A new expression system for protein crystallization using trimeric coiled-coil adaptors

Birte Hernandez Alvarez, Marcus D. Hartmann, Reinhard Albrecht, Andrei N. Lupas1, Kornelius Zeth and Dirk Linke

Department Protein Evolution, Max Planck Institute for Developmental Biology, Spemannstr. 35, 72076 Tübingen, Germany

1 To whom correspondence should be addressed. E-mail: andrei.lupas{at}tuebingen.mpg.de

We repeatedly experienced difficulties in obtaining pure protein of a defined oligomeric state when expressing domains that consist partially or entirely of coiled coils. We therefore modified an established expression vector, pASK-IBA, to generate N- and C-terminal fusions of the cloned domain in heptad register with the GCN4 leucine zipper. GCN4 is a well-characterized coiled coil, for which stable dimeric, trimeric and tetrameric forms exist.

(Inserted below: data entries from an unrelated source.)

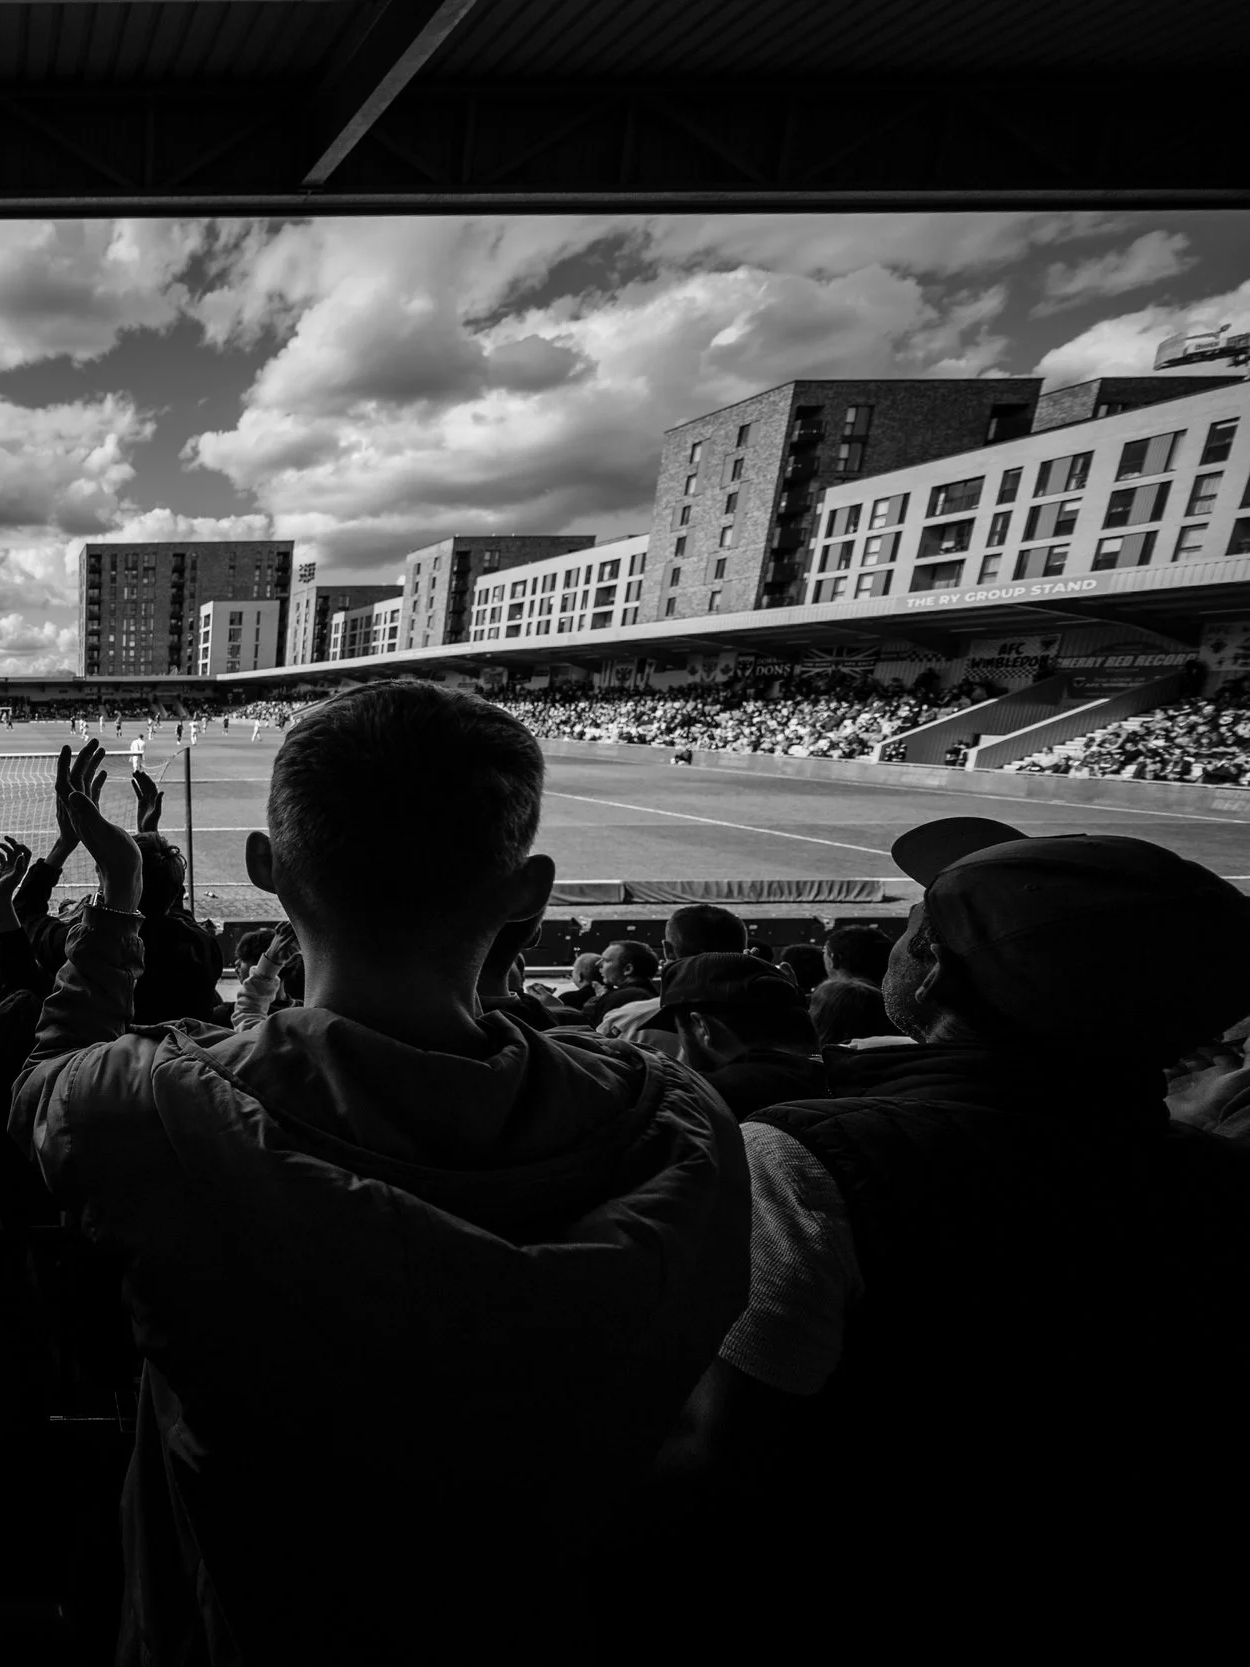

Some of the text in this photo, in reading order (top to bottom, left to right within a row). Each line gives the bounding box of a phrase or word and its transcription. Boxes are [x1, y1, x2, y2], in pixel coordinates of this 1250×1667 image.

[907, 579, 1098, 608] THE RY GROUP STAND
[998, 642, 1026, 656] AFC
[971, 655, 1050, 669] WIMBLEDON
[1104, 655, 1135, 667] RED
[755, 663, 792, 678] DONS

To test this expression system, we produced a series of constructs derived from the trimeric autotransporter adhesin STM3691 of Salmonella (SadA), which has a highly repetitive structure punctuated by coiled-coil regions. The constructs begin and end with predicted coiled-coil segments of SadA, each fused in the correct heptad register to the trimeric form of GCN4, GCN4pII. All constructs were expressed at high levels, trimerized either natively or after refolding from inclusion bodies, and yielded crystals that diffracted to high resolution. Thus, fusion to GCN4pII allows for the efficient expression and crystallization of proteins containing trimeric coiled coils. The structure of short constructs can be solved conveniently by molecular replacement using the known GCN4 structure as a search model. The system can be adapted for constructs with dimeric or tetrameric coiled coils, using the corresponding GCN4 variants.

Keywords: coiled coil/expression system/fusion protein/GCN4/trimeric adhesin

Received September 17, 2007; revised November 7, 2007; accepted November 9, 2007.